Image-backed grounding data
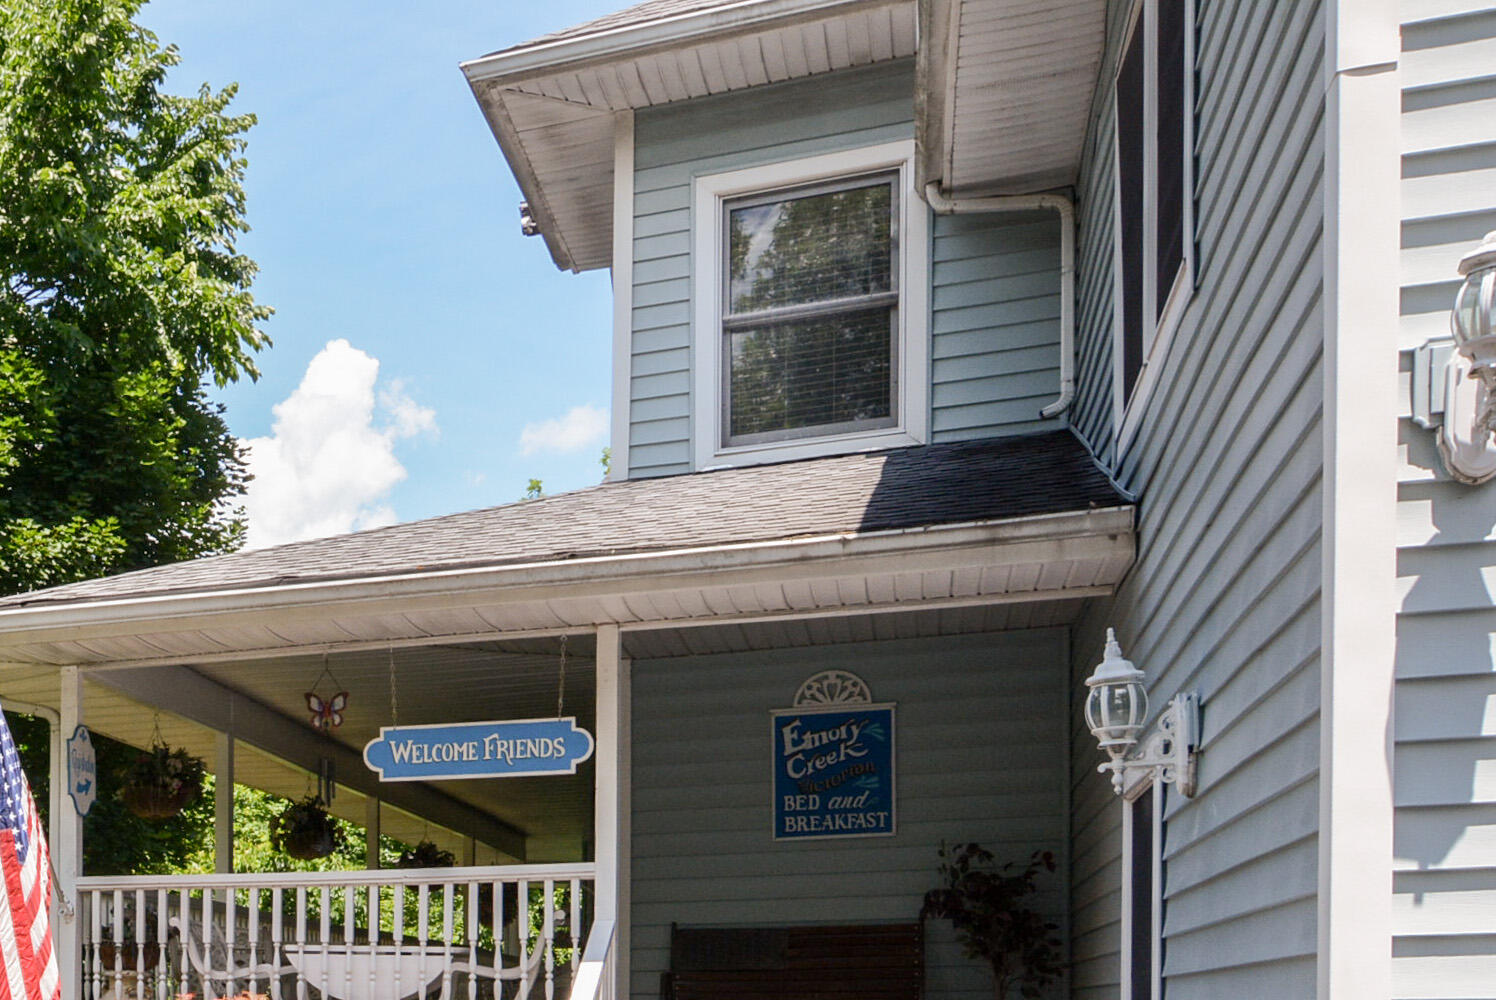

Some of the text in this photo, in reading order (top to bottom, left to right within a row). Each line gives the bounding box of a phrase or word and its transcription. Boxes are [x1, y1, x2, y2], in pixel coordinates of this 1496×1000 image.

[389, 733, 566, 766] WELCOME FRIENDS
[782, 718, 869, 756] Emory
[786, 742, 869, 779] Creek
[783, 790, 870, 811] BED and
[784, 811, 889, 833] BREAKFAST
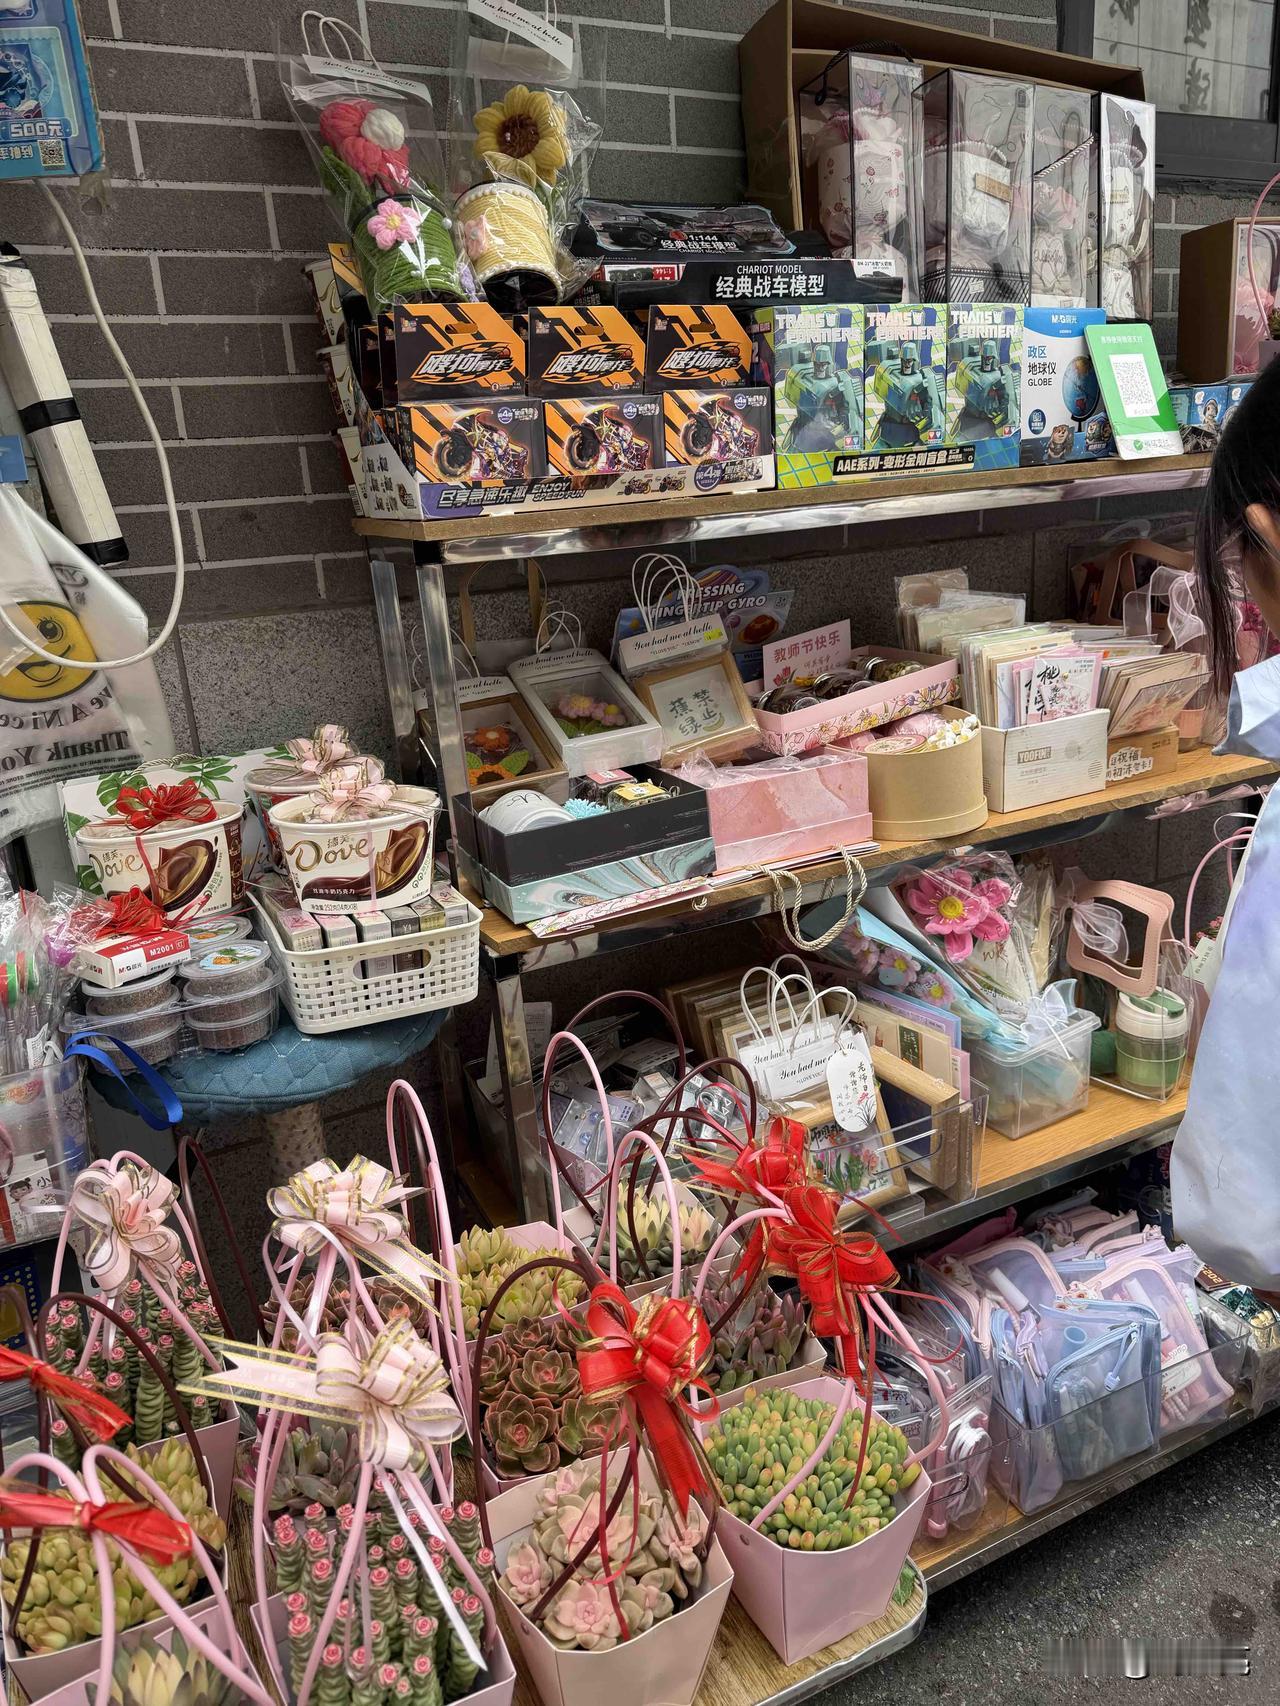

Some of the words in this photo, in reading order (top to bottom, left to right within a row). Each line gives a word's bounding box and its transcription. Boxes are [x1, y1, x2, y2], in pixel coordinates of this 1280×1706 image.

[10, 121, 63, 137] 500元
[737, 264, 773, 275] CHARIOT
[775, 265, 804, 274] MODEL
[715, 274, 825, 299] 经典战车模型
[1027, 345, 1047, 359] 政区
[1027, 362, 1057, 376] 地球仪
[1027, 377, 1053, 387] GLOBE
[531, 481, 571, 494] ENJOY
[532, 491, 567, 503] SPEED
[567, 489, 587, 500] FUN
[727, 595, 767, 610] GYRO
[634, 640, 651, 651] You
[651, 634, 669, 647] had
[669, 633, 682, 641] me
[682, 627, 693, 637] at
[693, 622, 713, 636] hello
[773, 630, 840, 664] 教师节快乐
[518, 660, 534, 669] You
[535, 655, 551, 665] had
[576, 649, 595, 658] hello
[484, 677, 504, 687] hello
[692, 688, 718, 721] 禁止
[286, 838, 375, 872] Dove
[89, 853, 144, 883] Dove
[149, 943, 175, 957] M2001
[780, 1068, 796, 1080] You
[797, 1059, 814, 1074] had
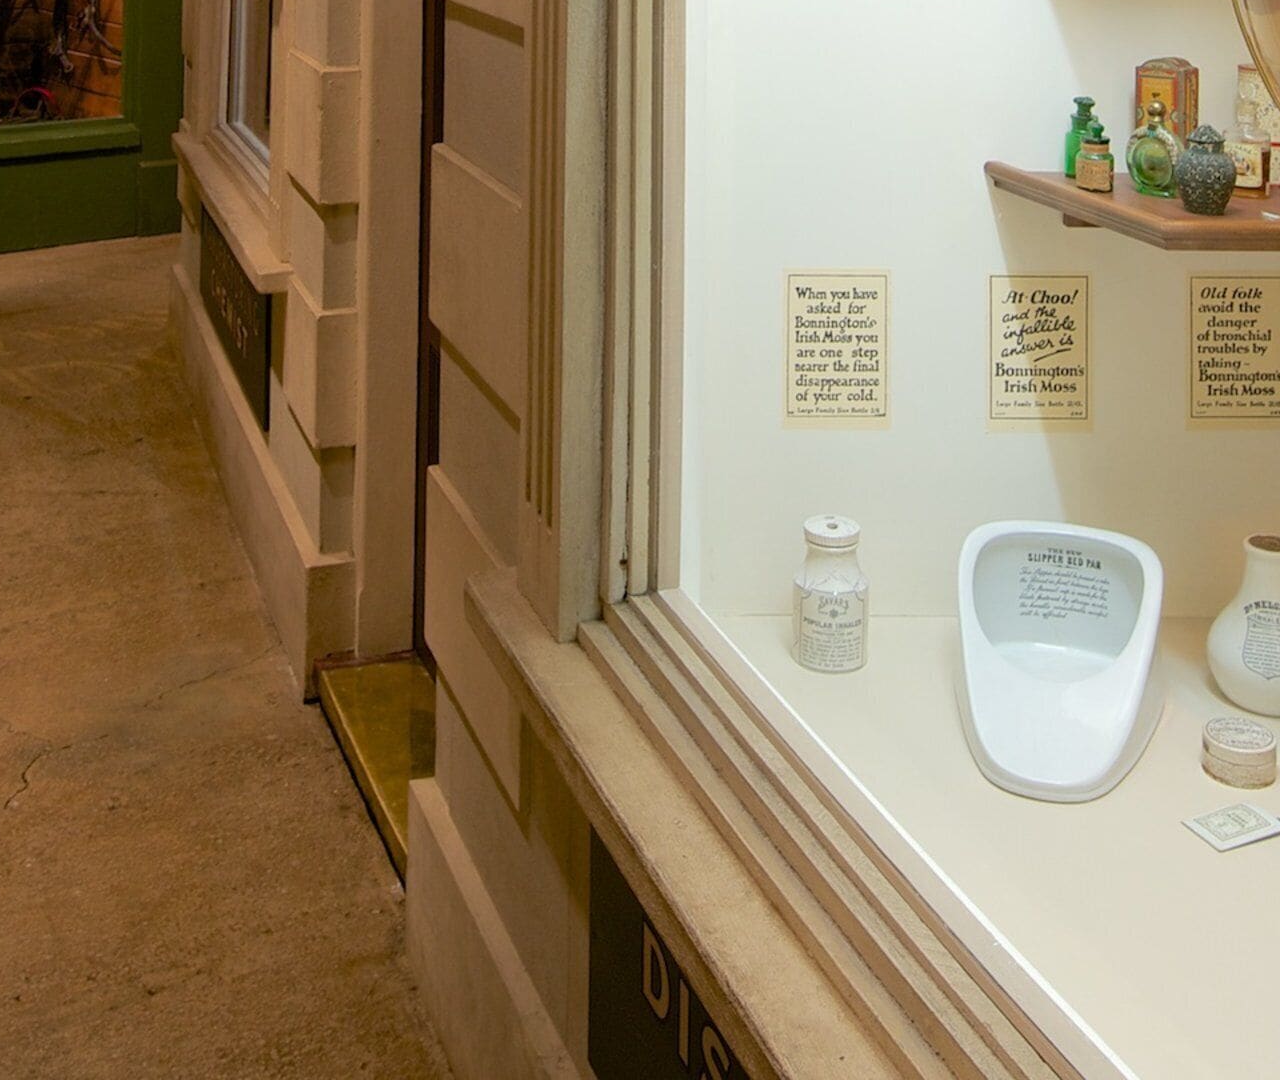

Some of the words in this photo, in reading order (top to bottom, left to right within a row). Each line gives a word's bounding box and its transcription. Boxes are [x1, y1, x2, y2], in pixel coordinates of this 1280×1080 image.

[795, 287, 827, 299] When
[830, 290, 850, 302] you
[852, 287, 878, 300] have
[1200, 287, 1227, 299] Old
[1232, 286, 1263, 299] folk
[806, 302, 841, 314] asked
[848, 301, 867, 314] for
[1002, 309, 1030, 323] and
[1035, 305, 1057, 319] the
[1198, 301, 1234, 313] avoid
[1239, 301, 1261, 313] the
[795, 316, 877, 333] Bonnington's
[1003, 315, 1076, 345] infallible
[1207, 315, 1258, 331] danger
[795, 330, 820, 343] Irish
[822, 331, 853, 343] Moss
[855, 334, 879, 347] you
[1196, 329, 1210, 341] of
[1213, 329, 1272, 341] bronchial
[1001, 339, 1054, 358] answer
[1059, 333, 1074, 346] is
[1197, 342, 1250, 354] troubles
[1253, 343, 1268, 356] by
[796, 349, 816, 358] are
[819, 349, 843, 358] one
[851, 347, 879, 361] step
[794, 362, 830, 372] nearer
[833, 360, 850, 372] the
[853, 360, 879, 372] final
[995, 362, 1085, 379] Bonnington's
[1198, 358, 1241, 372] taking
[795, 374, 880, 392] disappearance
[1004, 379, 1037, 393] Irish
[1040, 381, 1077, 393] Moss
[1208, 383, 1238, 396] Irish
[1241, 384, 1275, 396] Moss
[795, 388, 810, 401] of
[813, 392, 842, 405] your
[847, 388, 878, 401] cold.
[1027, 552, 1064, 565] SLIPPER
[1067, 556, 1084, 567] BED
[1086, 558, 1102, 570] PAN

* [Work task] Copy the line containing "this 1280×1080 image." and every line after it, through the last line of the records. Include nothing else.

* [Solution to the exercise]
Some of the words in this photo, in reading order (top to bottom, left to right within a row). Each line gives a word's bounding box and its transcription. Boxes are [x1, y1, x2, y2], in pixel coordinates of this 1280×1080 image.

[795, 287, 827, 299] When
[830, 290, 850, 302] you
[852, 287, 878, 300] have
[1200, 287, 1227, 299] Old
[1232, 286, 1263, 299] folk
[806, 302, 841, 314] asked
[848, 301, 867, 314] for
[1002, 309, 1030, 323] and
[1035, 305, 1057, 319] the
[1198, 301, 1234, 313] avoid
[1239, 301, 1261, 313] the
[795, 316, 877, 333] Bonnington's
[1003, 315, 1076, 345] infallible
[1207, 315, 1258, 331] danger
[795, 330, 820, 343] Irish
[822, 331, 853, 343] Moss
[855, 334, 879, 347] you
[1196, 329, 1210, 341] of
[1213, 329, 1272, 341] bronchial
[1001, 339, 1054, 358] answer
[1059, 333, 1074, 346] is
[1197, 342, 1250, 354] troubles
[1253, 343, 1268, 356] by
[796, 349, 816, 358] are
[819, 349, 843, 358] one
[851, 347, 879, 361] step
[794, 362, 830, 372] nearer
[833, 360, 850, 372] the
[853, 360, 879, 372] final
[995, 362, 1085, 379] Bonnington's
[1198, 358, 1241, 372] taking
[795, 374, 880, 392] disappearance
[1004, 379, 1037, 393] Irish
[1040, 381, 1077, 393] Moss
[1208, 383, 1238, 396] Irish
[1241, 384, 1275, 396] Moss
[795, 388, 810, 401] of
[813, 392, 842, 405] your
[847, 388, 878, 401] cold.
[1027, 552, 1064, 565] SLIPPER
[1067, 556, 1084, 567] BED
[1086, 558, 1102, 570] PAN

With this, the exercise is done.